On the other hand, a favourable exchange rate can bring about a competitive advantage for businesses, especially SMEs and enterprise-level businesses ready to thrive. That’s because a lower, or less expensive, exchange rate can make a company's products or services more competitively priced abroad – which could ultimately lead to increased revenue.
Optimising your B2B cross-border payments
There are several factors businesses should consider to harness the full potential of international transactions. Let’s delve into some of those.
1. Choose a specialised business payment solution
There are lots of international payment solutions to choose from, but finding one that completely aligns with your business needs is important. 3S Money offers a number of pricing plans to suit all types of businesses, and is an efficient, secure, and cost-effective payment solution. Check your eligibility today to get started and be preapproved in as little as fifteen minutes.
2. Consolidate your payments
Combining multiple smaller payments into larger, less frequent transactions is a great way to optimise your B2B cross-border payments. Instead of making multiple international payments that each incur transaction fees and FX-related losses, consolidating your payments can help reduce your business transaction costs and administrative overhead.

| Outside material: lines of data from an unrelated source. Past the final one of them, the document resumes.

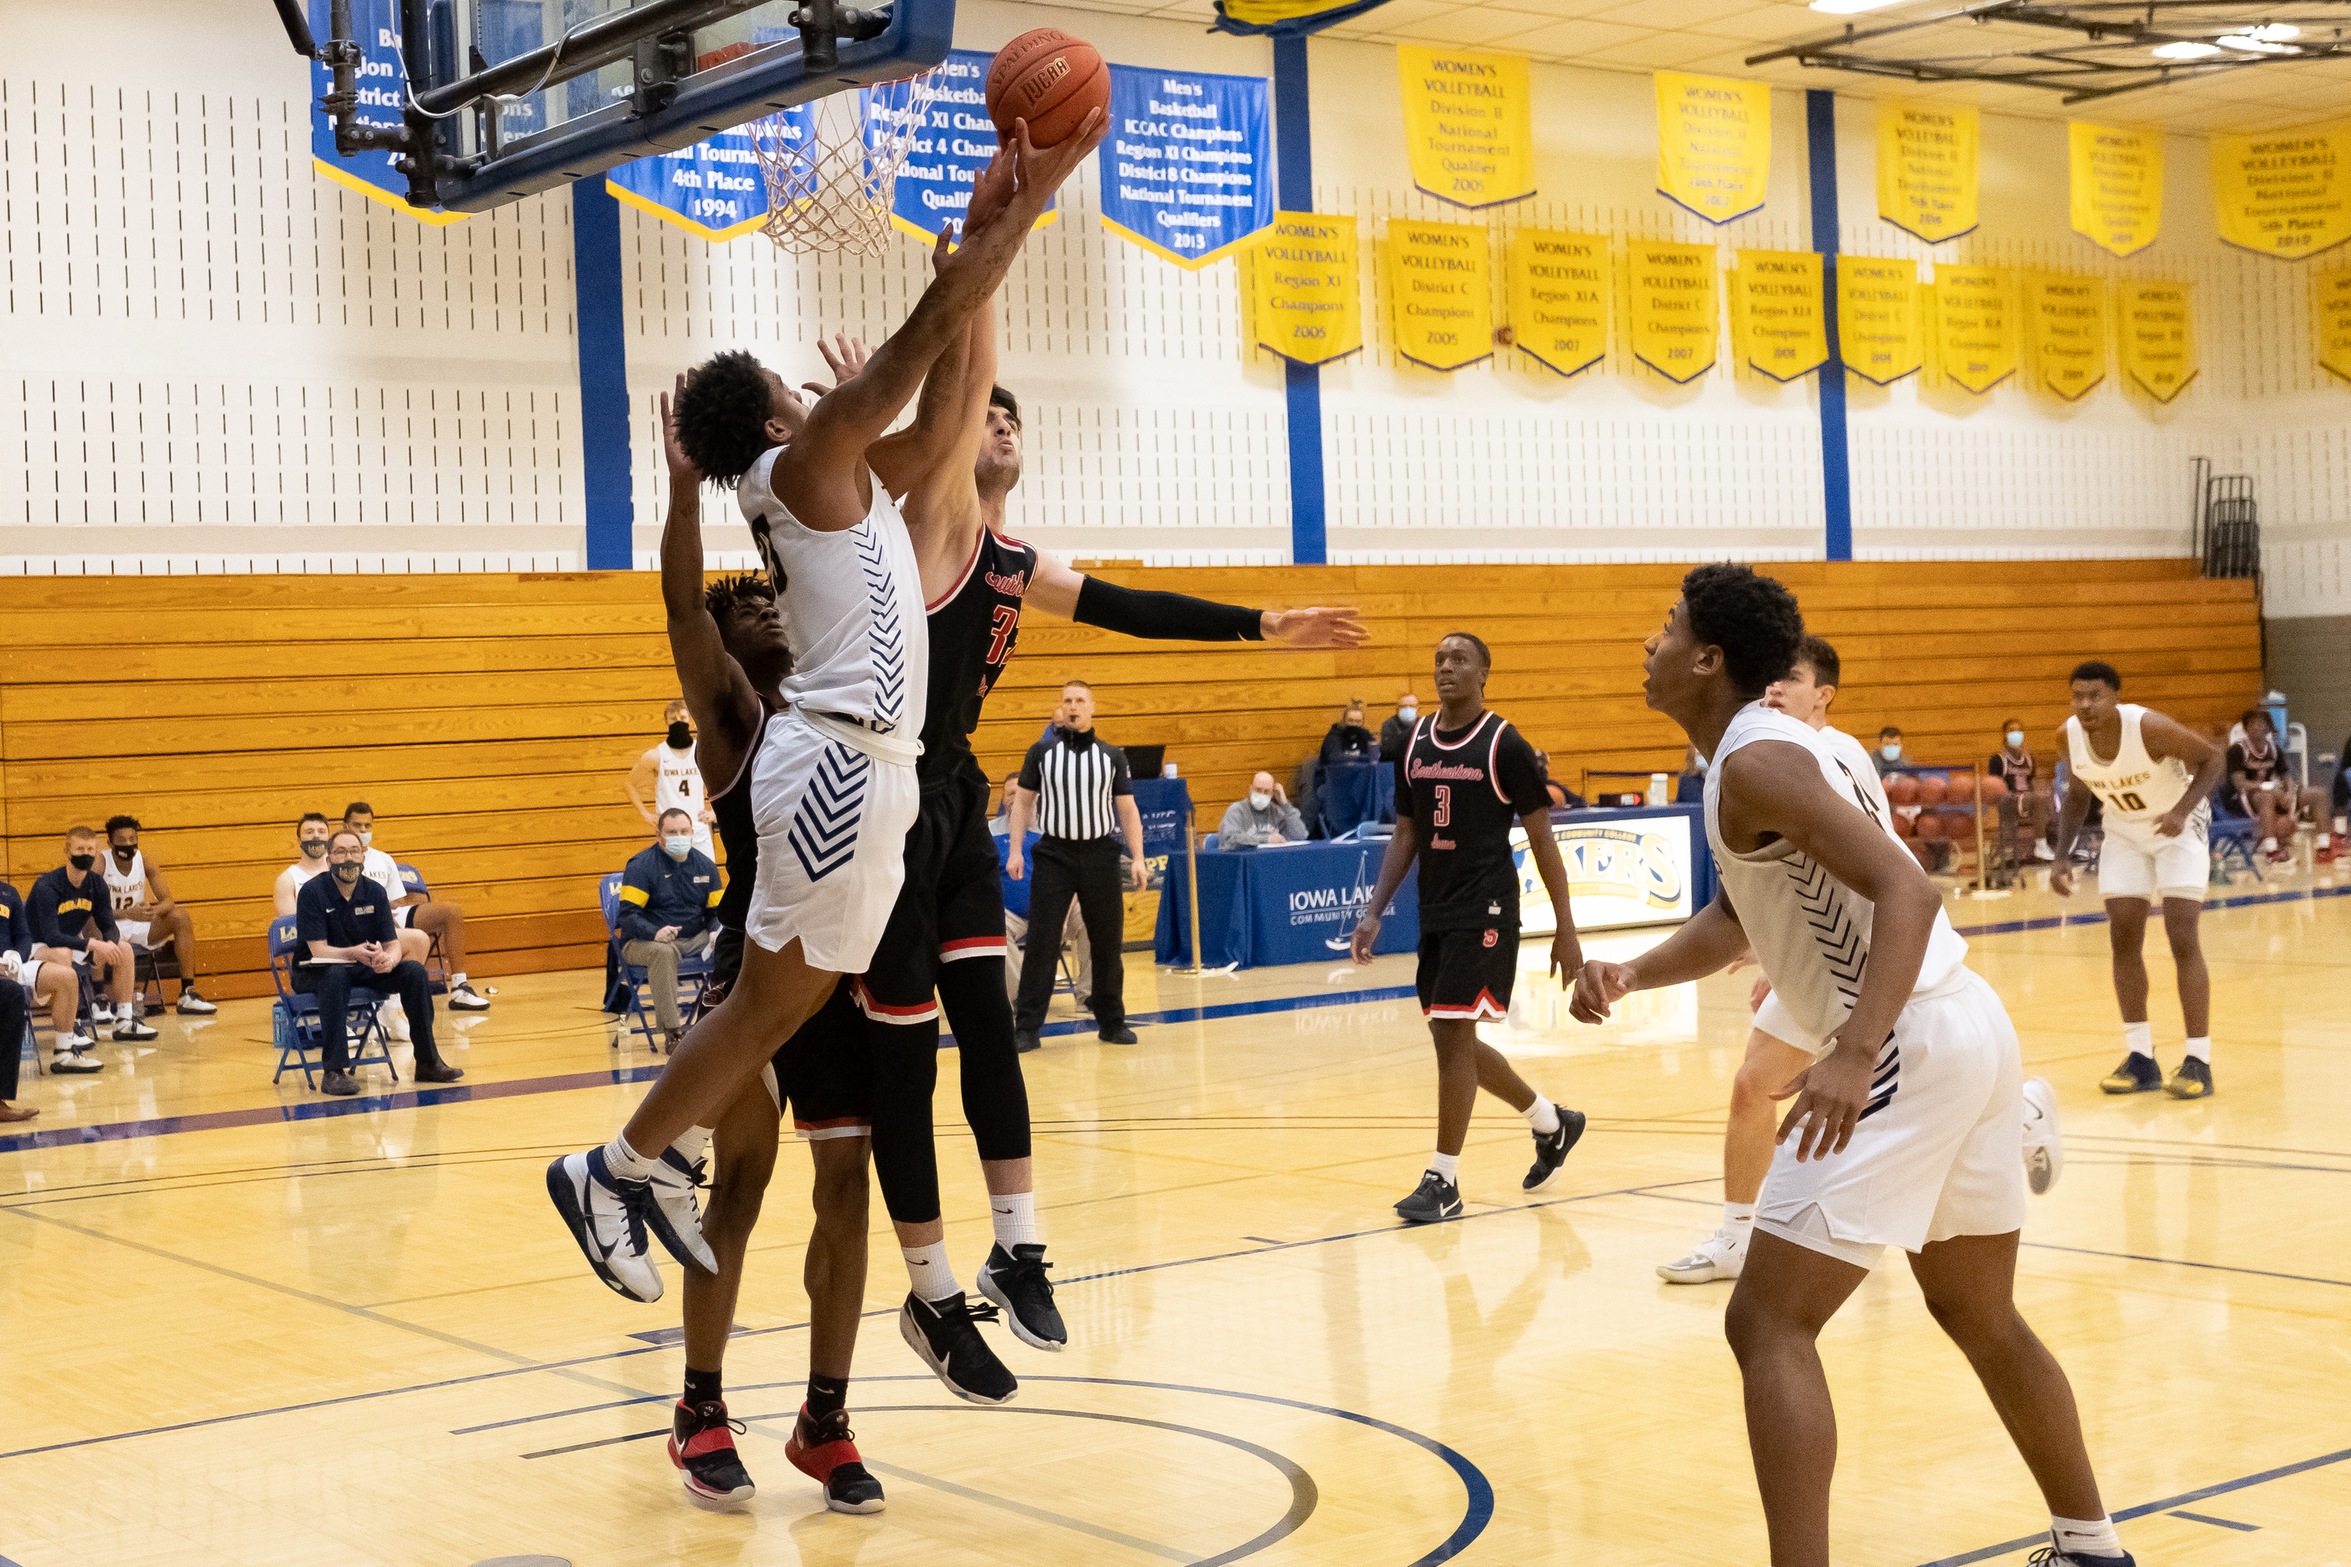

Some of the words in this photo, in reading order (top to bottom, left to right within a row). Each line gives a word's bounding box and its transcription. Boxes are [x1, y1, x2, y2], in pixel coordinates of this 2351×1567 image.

[1431, 59, 1498, 78] WOMEN'S
[1163, 78, 1203, 97] Men's
[1423, 78, 1505, 99] VOLLEYBALL
[1684, 86, 1743, 104] WOMEN'S
[1149, 99, 1218, 119] Basketball
[1430, 100, 1486, 118] Division
[1679, 102, 1750, 124] VOLLEYBALL
[931, 111, 949, 129] XI
[1124, 118, 1169, 137] ICCAC
[1170, 123, 1244, 144] Champions
[1439, 122, 1498, 140] National
[936, 139, 949, 155] 4
[1115, 139, 1162, 160] Region
[1165, 145, 1179, 160] XI
[1181, 146, 1253, 166] Champions
[1428, 137, 1511, 157] Tournament
[672, 169, 703, 188] 4th
[707, 170, 756, 192] Place
[1118, 162, 1166, 181] District
[1168, 167, 1179, 183] 8
[1180, 167, 1252, 188] Champions
[1119, 184, 1175, 204] National
[1177, 189, 1253, 208] Tournament
[693, 198, 738, 219] 1994
[1156, 209, 1222, 228] Qualifiers
[1173, 231, 1207, 250] 2013
[1407, 231, 1469, 248] WOMEN'S
[1532, 240, 1592, 257] WOMEN'S
[1265, 246, 1347, 264] VOLLEYBALL
[1401, 254, 1476, 273] VOLLEYBALL
[1274, 271, 1320, 290] Region
[1327, 275, 1341, 288] XI
[1528, 263, 1600, 281] VOLLEYBALL
[1411, 279, 1455, 295] District
[1530, 287, 1570, 304] Region
[1270, 296, 1344, 315] Champions
[1406, 302, 1474, 321] Champions
[1533, 310, 1598, 328] Champions
[663, 768, 679, 777] IOWA
[678, 779, 690, 797] 4
[1433, 784, 1451, 827] 3
[2107, 792, 2147, 812] 10
[115, 895, 134, 910] 12
[1289, 888, 1339, 912] IOWA
[1341, 884, 1376, 906] LAK
[1290, 909, 1354, 926] COMMUNITY
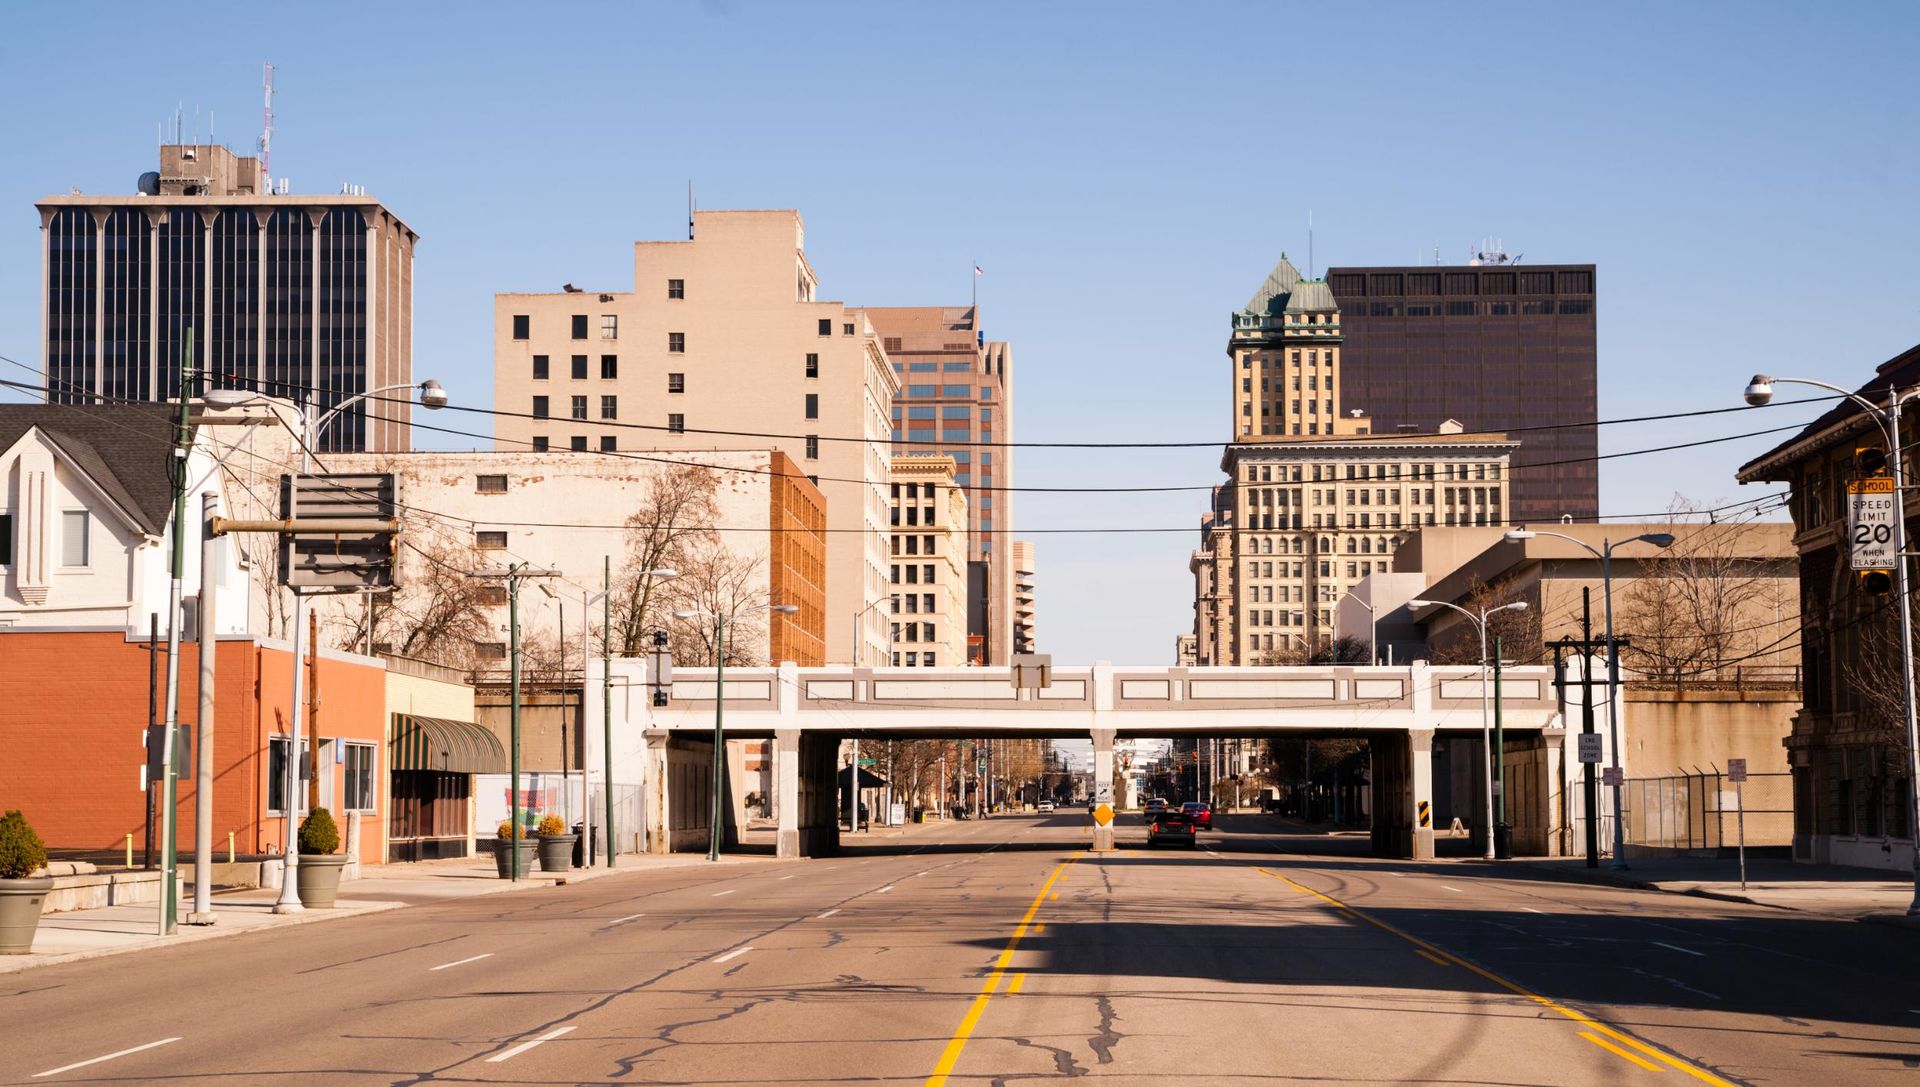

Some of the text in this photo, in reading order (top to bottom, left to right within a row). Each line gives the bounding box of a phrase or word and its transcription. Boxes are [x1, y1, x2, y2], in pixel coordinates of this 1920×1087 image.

[1851, 482, 1891, 490] SCHOOL
[1852, 500, 1891, 510] SPEED
[1857, 512, 1887, 522] LIMIT
[1854, 524, 1891, 544] 20
[1862, 549, 1885, 557] WHEN
[1854, 558, 1894, 567] FLASHING

Take e-commerce retailers for example. If you're an e-commerce retailer that has a partnership with a particular supplier, consider negotiating a quarterly payment schedule, rather than one that's in monthly instalments.
Other ways to optimise your B2B payments include:
- Tracking exchange rates and fees: regularly tracking exchange rates and fees to find the best deals to make transactions.
- Using real-time payments: consider using real-time payments to speed up payment processing and improve cash flow.
- Staying ahead of trends: stay updated on global economic and political developments that could impact exchange rates and regulations.
Now that we've covered what B2B cross-border payments are, what impacts them and how to optimise them for your business, let's review the key points:
- Thanks to the rise of fintechs, digital banking solutions and EMIs, businesses can now experience simple cross-border business-to-business payments.
- Cross-border payments are becoming more popular, with 58% of SMEs saying they're sending and receiving more B2B cross-border payments now than before the pandemic.
- 3S Money’s banking solution platform can facilitate your payments and help you enter new international markets with ease.
- Foreign exchange (FX) plays a huge role in the final outcome of international transactions. It can either potentially reduce sales or give your business a competitive advantage.
- Implementing a cross-border payment solution that aligns with your business needs is important. 3S Money is an efficient, secure, and cost-effective solution, with a number of pricing plans to suit all types of businesses.
Secure your transactions with 3S Money’s B2B payments solution
In a global economy, optimising B2B cross-border payments is not just a necessity - It gives your business a competitive advantage. With platforms like 3S Money, you can redefine your international transaction experience.
Ready to take the next step? Request a demo, or get started today to explore how we can facilitate your B2B payment needs.
B2B cross-border payment FAQs
B2B cross-border payments are currency transactions between organisations that are located in different countries.
There are several technologies that support business-to-business cross-border payments. For example, SWIFT, Fedwire, CHIPS, Ripple, Foreign Exchange Platforms (Forex), Virtual Accounts, Electronic Funds Transfer (EFT).
B2b payments take place between two merchants — such as corporations and wholesalers. They're generally more complex than B2C payments due to the scale, method, and processes involved.